Feminism, Transgenderism, and the End of Women
Time to resist the war on women:
Just 24 hours ago I was at a conference listening to the well-known American Christian pastor and writer Voddie Baucham speaking unashamedly about patriarchy. He assured the audience of men – AND women – that rightly understood, this is in fact not only a good thing, but a fully biblical thing. But we have been ideologically beaten over the head for so long that we actually think that men being men and women being women is somehow a bad thing.
Many brave thinkers and writers have also sought to proclaim the truth about patriarchy. And many of these folks have been women. One of the most recent examples of a female seeking to make this case is Carrie Gress and her important volume, The End of Woman: How Smashing the Patriarchy Has Destroyed Us (Regnery, 2023).
She argues that feminism and things like the trans revolution have spectacularly hurt women and not helped them. Men, children and society as a whole have also suffered greatly because of feminist ideology. She examines a number of the leading feminists and carefully critiques their thought, with plenty of documentation and referencing along the way.
In her Introduction she speaks to the issue of the vulnerability of women and says this:
Feminists have embarked upon their own two-fold approach to mitigating this vulnerability. The first step is to help women become more like men, independent and unconstrained by nature. The second is to end the patriarchy, which has seemingly kept women in this vulnerable state from the dawn of civilization to the present era. It seems a simple enough solution, but is it working? After over a century of feminist progress and legal victories against “patriarchal oppression,” do women finally “have it all”? (xvi)

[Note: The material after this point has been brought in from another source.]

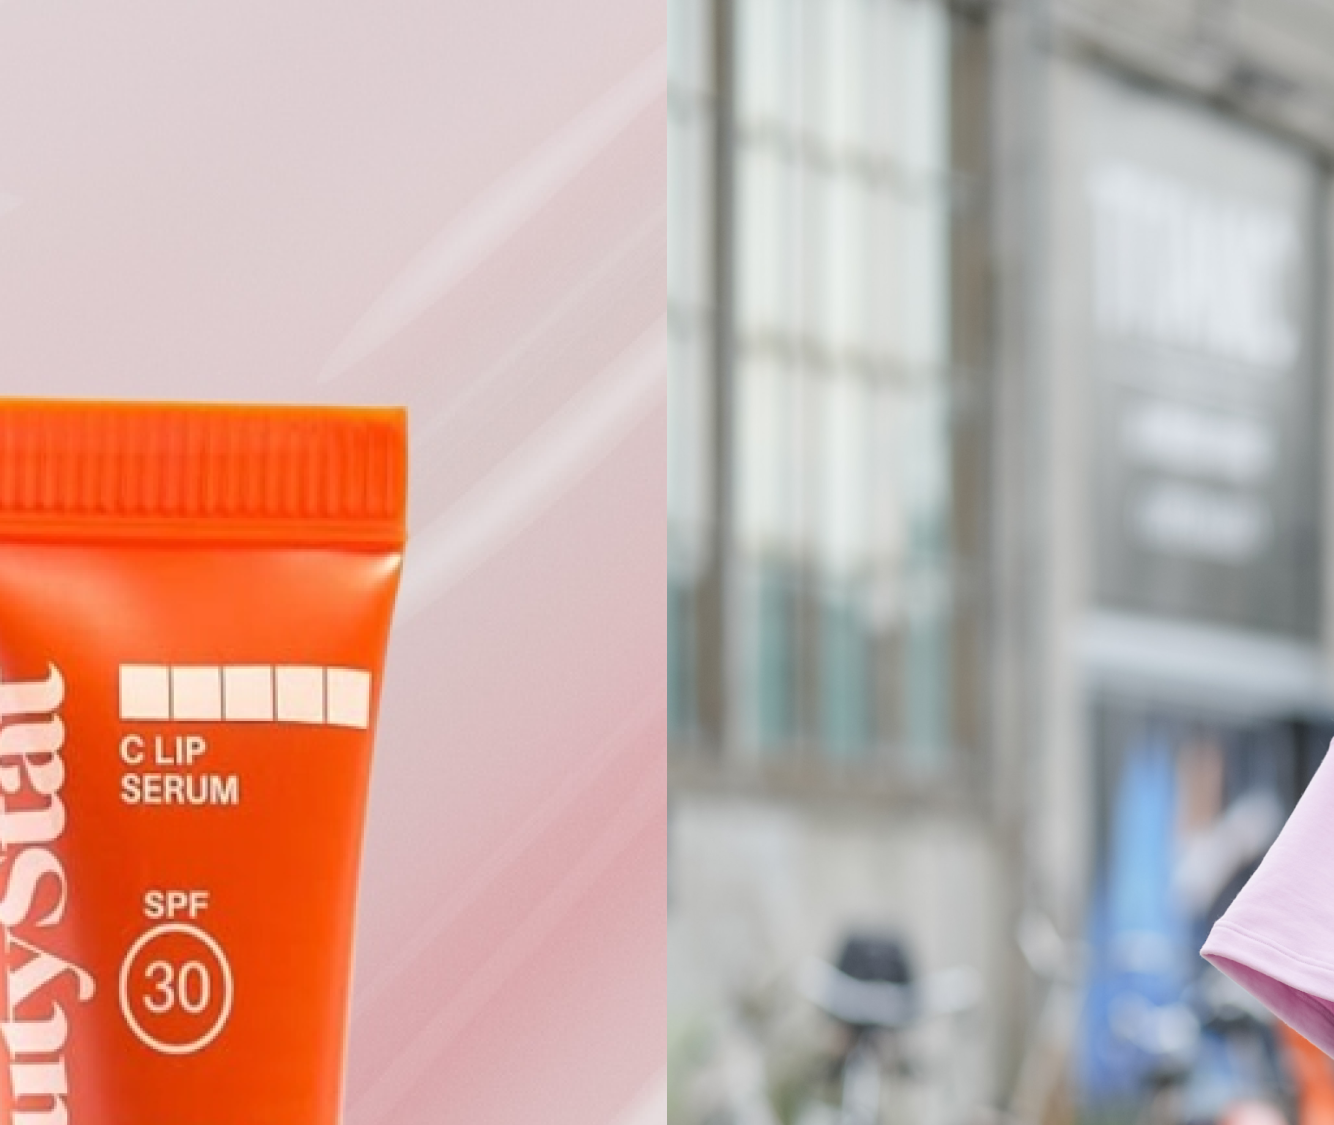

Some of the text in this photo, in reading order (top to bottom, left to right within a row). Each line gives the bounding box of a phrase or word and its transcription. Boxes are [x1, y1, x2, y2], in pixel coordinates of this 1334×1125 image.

[119, 735, 207, 766] C LIP
[120, 773, 240, 805] SERUM
[143, 891, 209, 919] SPF
[142, 961, 211, 1014] 30

But the push to ‘smash the patriarchy’ has led to a number of overlooked problems, such as our society no longer being able to even define “woman;” men are pushing women out of prized positions and awards while wearing dresses and growing their hair; women’s sports are taking a battering; women are growing less happy; and the sexes have simply gone to war against each other.

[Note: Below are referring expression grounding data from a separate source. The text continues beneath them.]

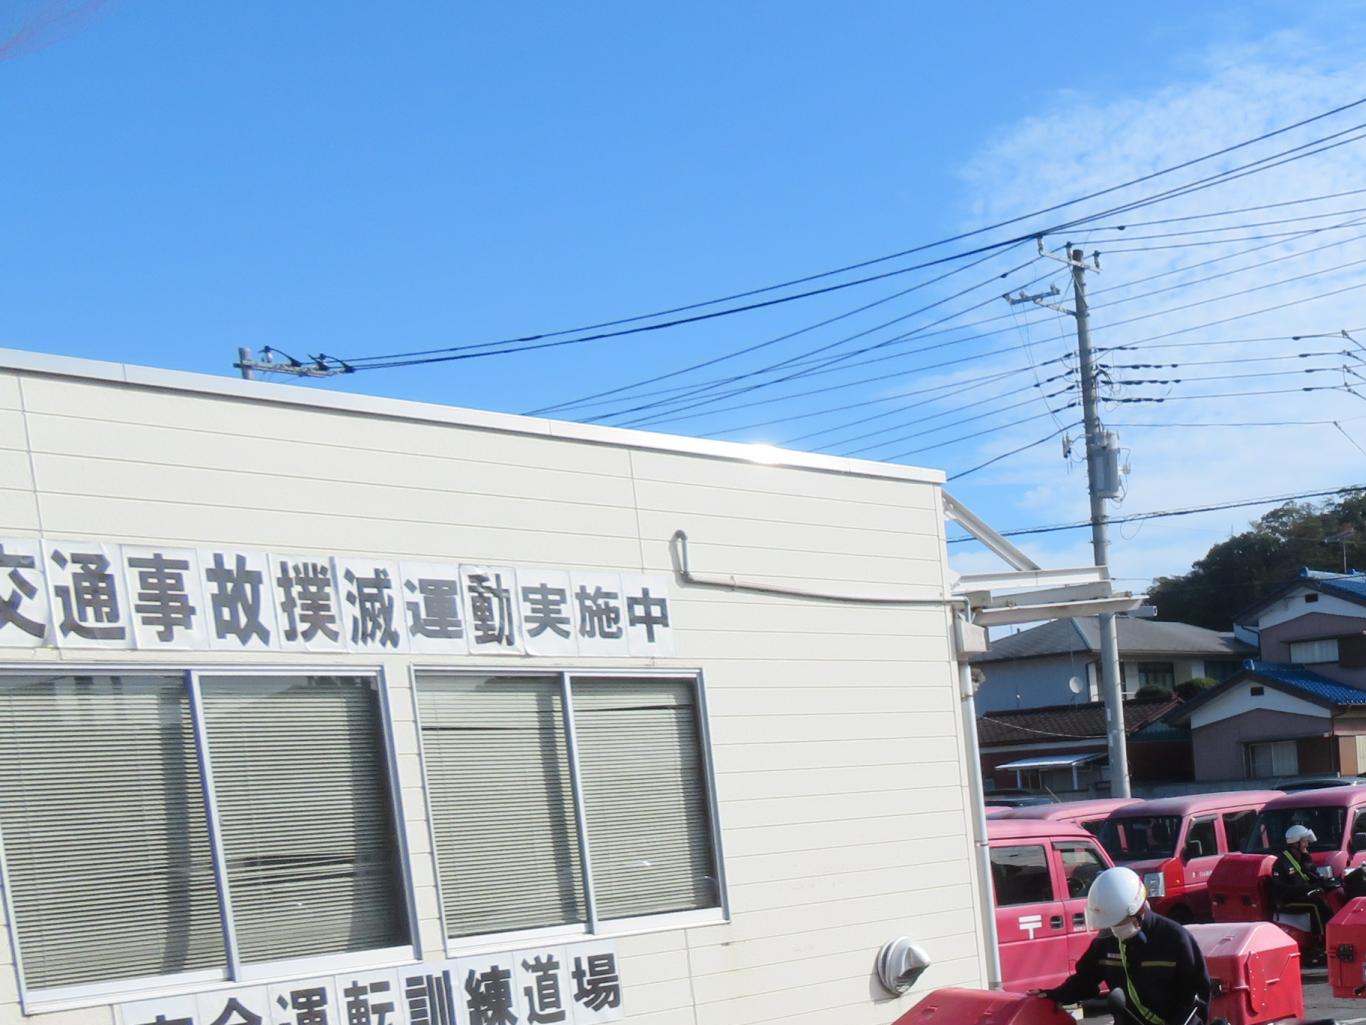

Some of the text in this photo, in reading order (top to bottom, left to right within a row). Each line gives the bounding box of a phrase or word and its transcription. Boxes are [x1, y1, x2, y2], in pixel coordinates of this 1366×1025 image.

[0, 544, 670, 648] 交通事故撲滅運動実施中
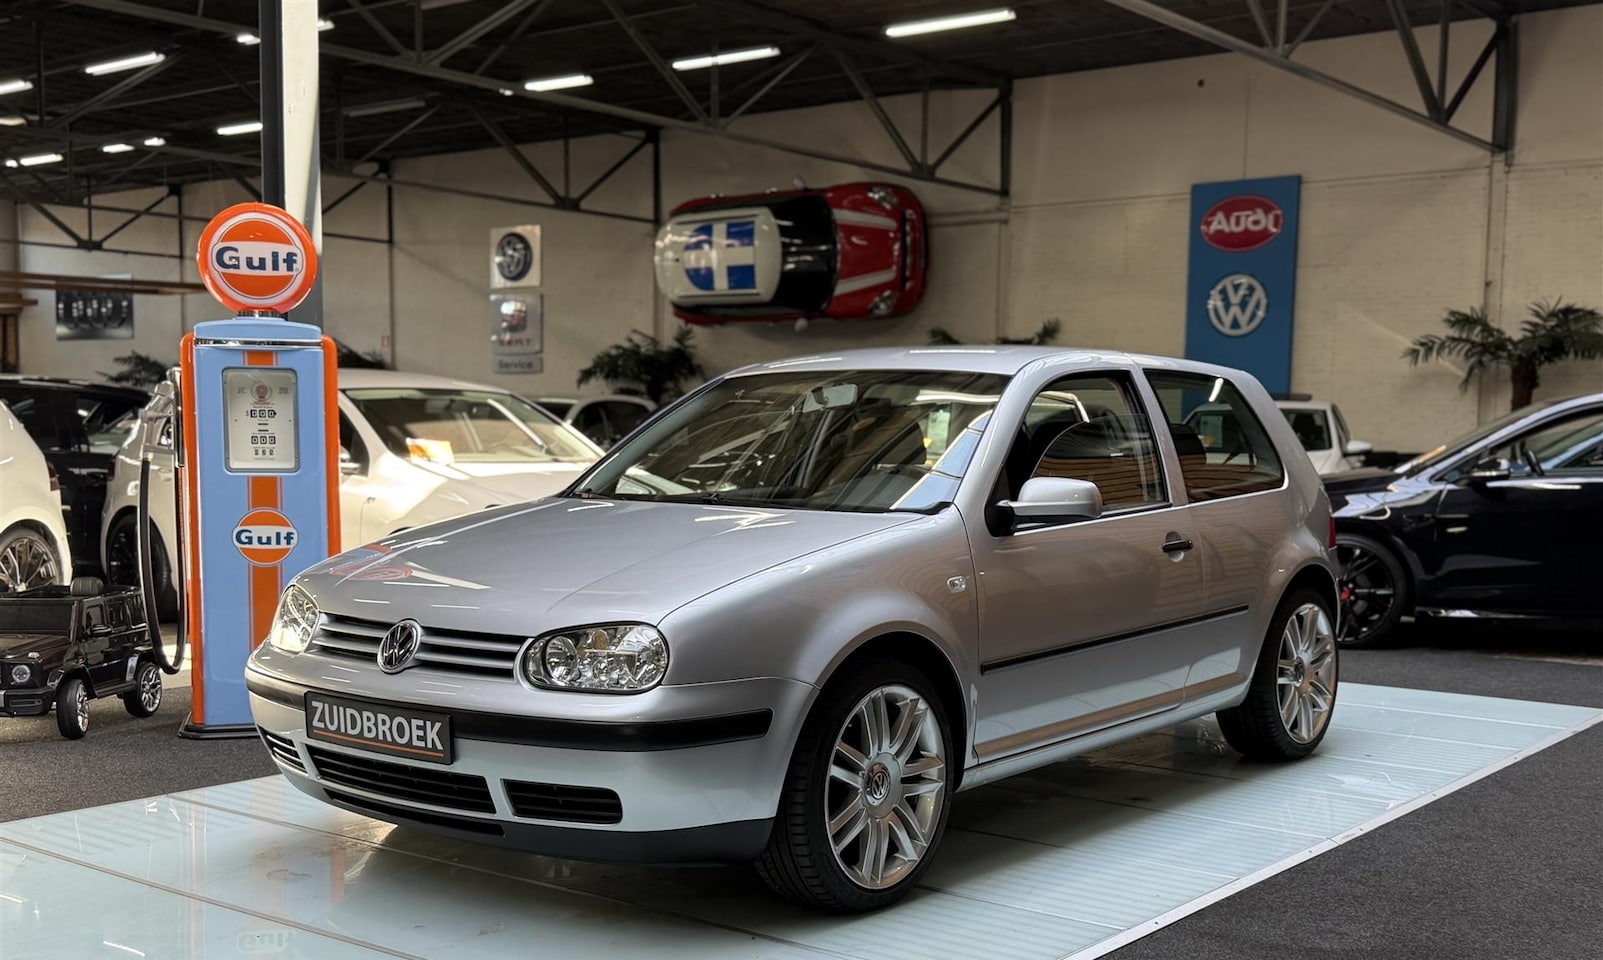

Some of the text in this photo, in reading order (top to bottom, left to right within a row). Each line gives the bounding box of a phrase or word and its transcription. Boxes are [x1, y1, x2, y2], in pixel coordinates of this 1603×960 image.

[215, 245, 298, 273] Gulf
[498, 359, 534, 370] Service
[235, 528, 295, 546] Gulf
[311, 700, 444, 751] ZUIDBROEK

After 200 hundred years of marketing feminism, the ideology has now become a brand: “Feminism has become a very successful ideological quasi-brand with remarkable staying power. Brands are focused entirely on monetary wealth in sales and revenues; an ideology’s currency is power. Feminism, perhaps second only to Marxism, is currently the most powerful brand in the world.” (xxvii)
The trans war on women
Of course one of the greatest full-frontal assaults on women today comes in the form of the radical transgender ideology. In a chapter on this she writes: “One well-documented current trend – a sort of social contagion among high school and college women – is to venture into the world of testosterone (T) injections and gender fluidity.” Yet she reminds us of this fact: “Prior to 2012, there was no research literature on adolescent girls presenting with gender dysphoria or rapid-onset gender dysphoria (ROGD).” (p. 153)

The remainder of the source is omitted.